Social neuroscience does not address such issues in the same way, there is no search for freedom, for example, or the centre of decision-making. Based on experiments with event-related potentials, Benjamin Libet felt forced, from the 1960s onwards, to formulate a complex theory of vetoing in the light of the experimental evidence from his search for the functional anatomy of human decision-making, and many colleagues discarded human freedom altogether.23 Meanwhile, the fierceness of these discussions has much lessened. The radical reductionism from the days of the Decade of the Brain may not have disappeared entirely, but it certainly has lost much of its grip on the field. Social neuroscience takes a somewhat withdrawn position with regard to psychic interactionism; it certainly demonstrates social interaction to be the cause of distinctive responses in human brains but it does not arrange this evidence in a revival of an old-fashioned dualism arguing for some form of psychic causality beyond physiological mechanisms. Social neuroscience does not engage in any psychism of this sort. Obviously, social neuroscience is not about declaring social cognition to be something immaterial or spiritual outside human brains, but it demonstrates that meditation and other spiritual practices physiologically affect the human brain.24
From a philosophy-of-science perspective, one may argue that this research still pursues an epistemological reductionism, when it extends the realm of natural scientific research into the social. But the ontologies of functional imaging, with their steadily growing number of new entities taken from the world of social interactions that are now furbished with a neurophysiological substrate, create new families of hybrid objects, half social constructs, half scientific objects, furbished with a natural basis by the neurosciences. They are nature/culture hybrids. They share their nature as hybrids with many objects currently under investigation by the sciences, which have come into being as constructed natural objects by means of the technoscientific arrangements of experimental practices – as observed by philosophers and sociologists of science from Gaston Bachelard to Bruno Latour.25 But the new brain states are hybrids in a new form, since they are not artificially made or technologically created in the same mode as other natural objects.
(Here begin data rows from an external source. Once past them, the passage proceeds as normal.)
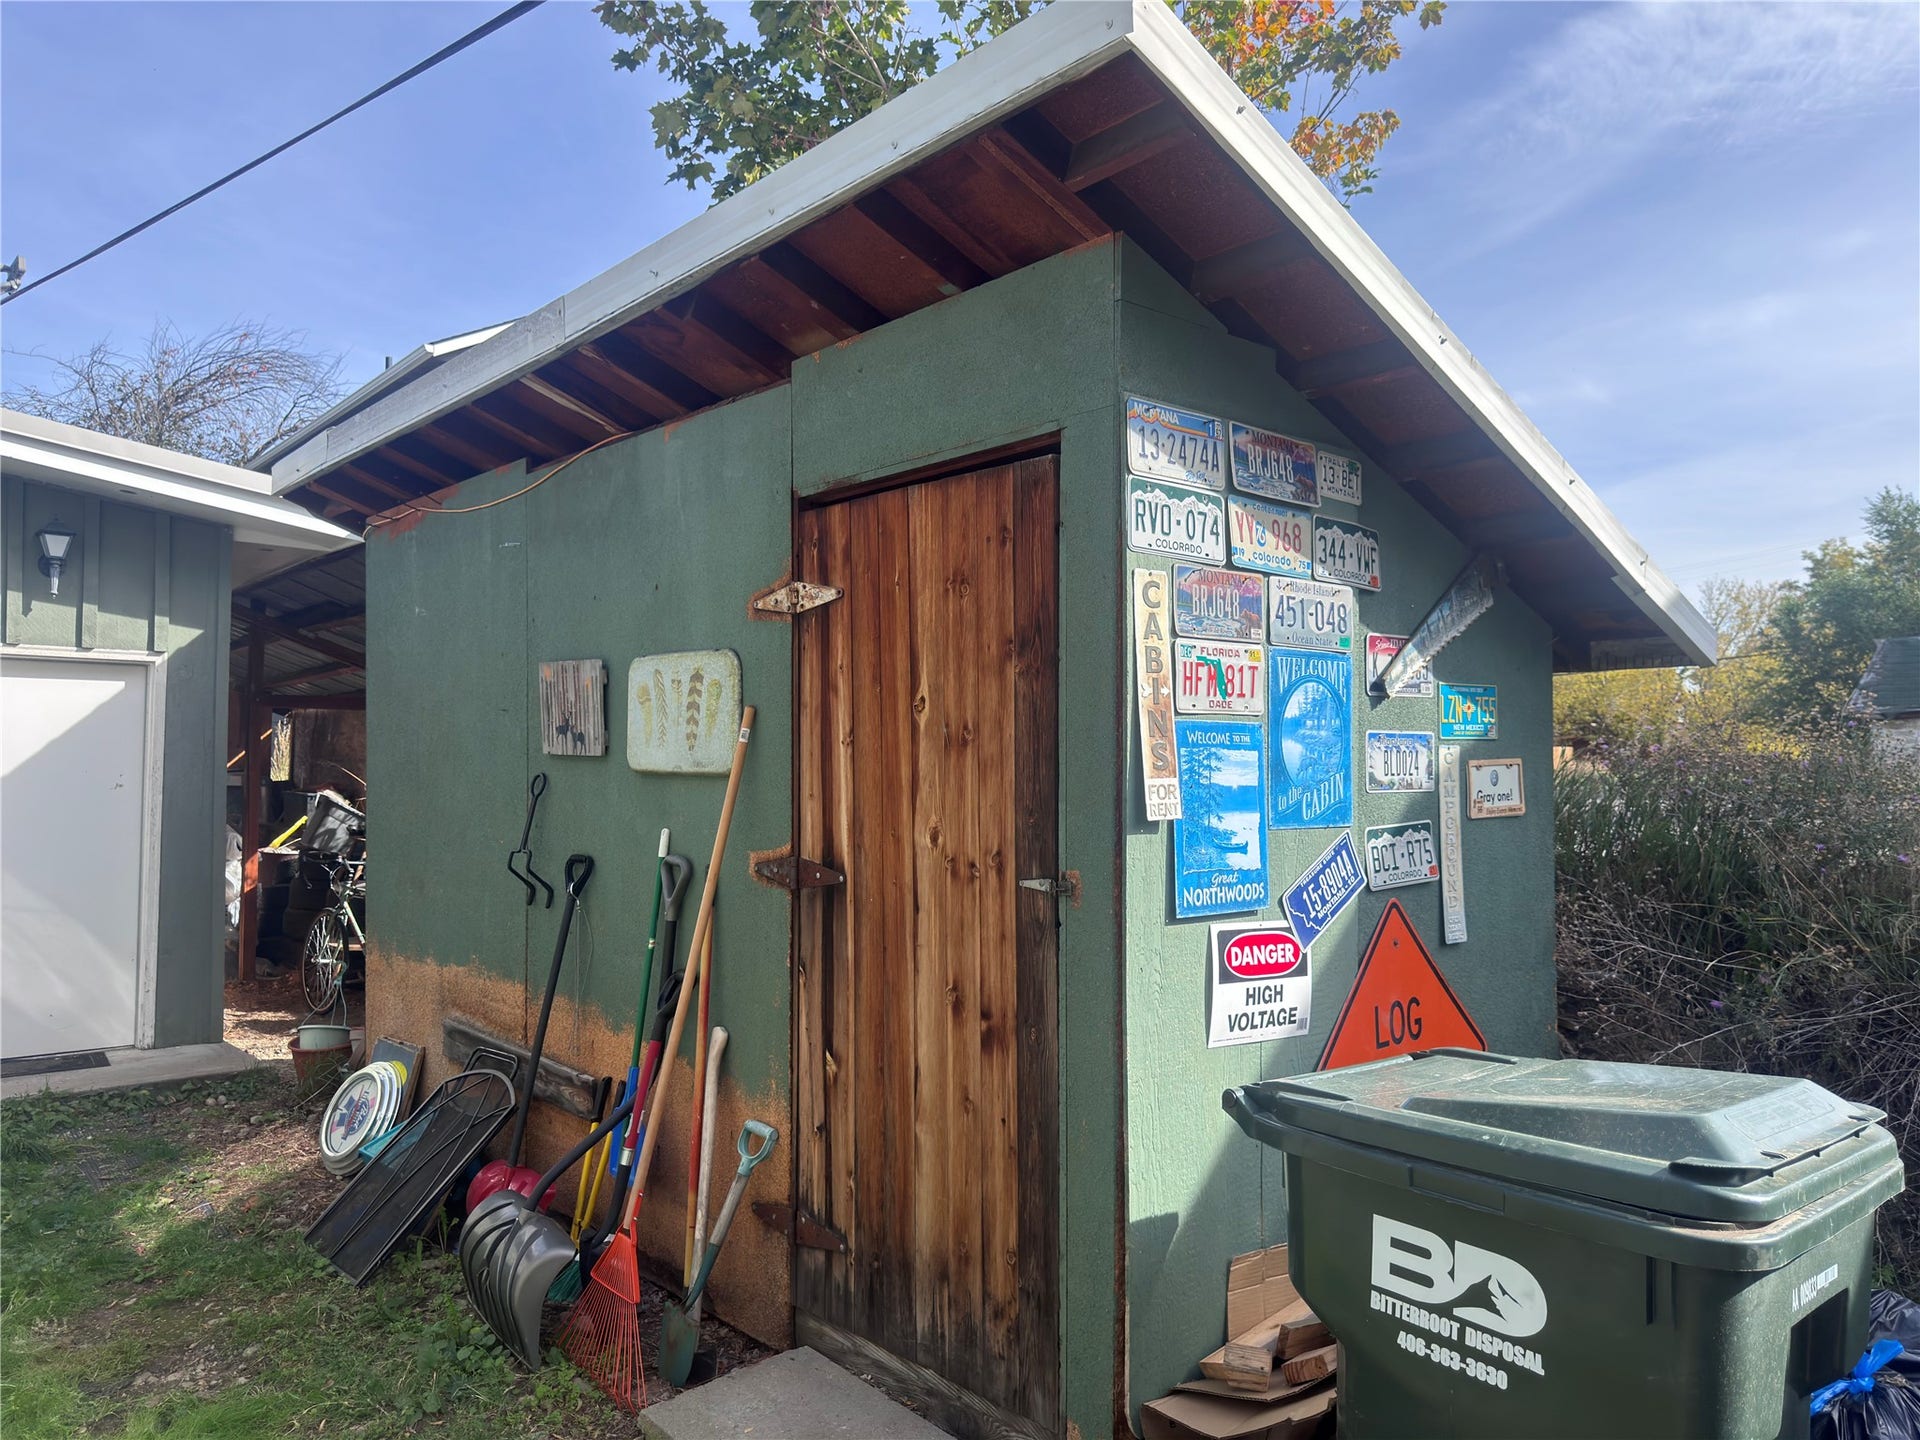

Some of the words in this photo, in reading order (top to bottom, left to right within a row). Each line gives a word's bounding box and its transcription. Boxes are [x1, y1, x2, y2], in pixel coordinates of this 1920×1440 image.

[1247, 443, 1294, 483] BRJ648
[1155, 538, 1203, 554] COLORADO
[1271, 518, 1302, 554] 968
[1252, 551, 1291, 567] colorado
[1333, 568, 1367, 583] COLORADO
[1191, 583, 1240, 620] BRJ648
[1275, 594, 1347, 634] 451-048
[1292, 632, 1314, 646] Ocean
[1315, 634, 1334, 647] State
[1200, 647, 1241, 658] FLORIDA
[1141, 580, 1170, 771] CABINS
[1277, 656, 1347, 703] WELCOME
[1208, 700, 1233, 709] DADE
[1186, 729, 1230, 745] WELCOME
[1241, 735, 1251, 743] THE
[1147, 783, 1177, 800] FOR
[1278, 794, 1287, 811] to
[1288, 783, 1302, 802] the
[1302, 771, 1345, 821] CABIN
[1476, 789, 1496, 806] Gray
[1497, 788, 1513, 802] one!
[1150, 801, 1180, 818] RENT
[1211, 871, 1239, 887] Great
[1388, 869, 1423, 882] COLORADO
[1183, 882, 1265, 908] NORTHWOODS
[1317, 887, 1346, 919] MONTANA
[1230, 943, 1295, 967] DANGER
[1245, 984, 1284, 1006] HIGH
[1228, 1006, 1298, 1033] VOLTAGE
[1374, 996, 1423, 1050] LOG
[1370, 1289, 1461, 1341] BITTERROOT
[1464, 1326, 1545, 1376] DISPOSAL
[1397, 1330, 1508, 1390] 406-363-3630
Like genes or quarks, ‘empathy’ as a naturalised entity relies entirely and exclusively on a complex ensemble of technoscientific practices bringing it into existence and stabilising it as a scientific object; but unlike genes or quarks, ‘empathy’ arrived in the lab from the lifeworld of modern society. Social neuroscience operates in reverse direction, taking its objects from the realm of culture and turning them into natural objects. In addition, these newly naturalised objects established by social neuroscience are supposed to operate in the physiological spaces of the living brain: they function in the visualisation practices surrounding the scanner, and on the macro level of human interaction; they work according to the symbolic logic of culture. In this regard, social neuroscience establishes natural objects with more-than-natural qualities. Quite generally, functional neuroimaging brings artificial neuroscience and dead brain sciences closer to life and to real life human beings; it literally animates its objects under investigation by linking a perfusion pattern with psychic, social and cognitive significance.26 Anthropology once described such practices of creating more-than-natural natural objects as ‘animism’. The soul catcher is an example which may also be applied to the mind sciences. ‘Voodoo’ was the term the authors had initially chosen for simply pointing to the unsound statistical basis of the burgeoning field of social neurosciences without further clarification why they had picked this term from the family of animistic concepts. Read in the context of ethnographic science studies, the title of Vul’s paper acquires another layer of meaning, adding another twist.27
From an animistic epistemological perspective, one consequence of the flourishing of social neuroscience is particularly noteworthy, although never explicitly addressed during the debate on ‘Voodoo Correlations’. With social neuroscience, scientific research addresses questions of general interest today by means of scientific research and in a style apparently directly relevant for society at large. Social neuroscience reveals social cognition to be something materially real, neurophysiologically realised, regardless of all questions from cultural relativism or social constructivism. With its constructive powers, neuroscience has helped to establish a growing array of new objects. After an entire century of focusing on the psyche and the mind sciences, the coming true of the old dream of deciphering the brain as the fundamental machine in charge of all higher human activities has appeared on the horizon.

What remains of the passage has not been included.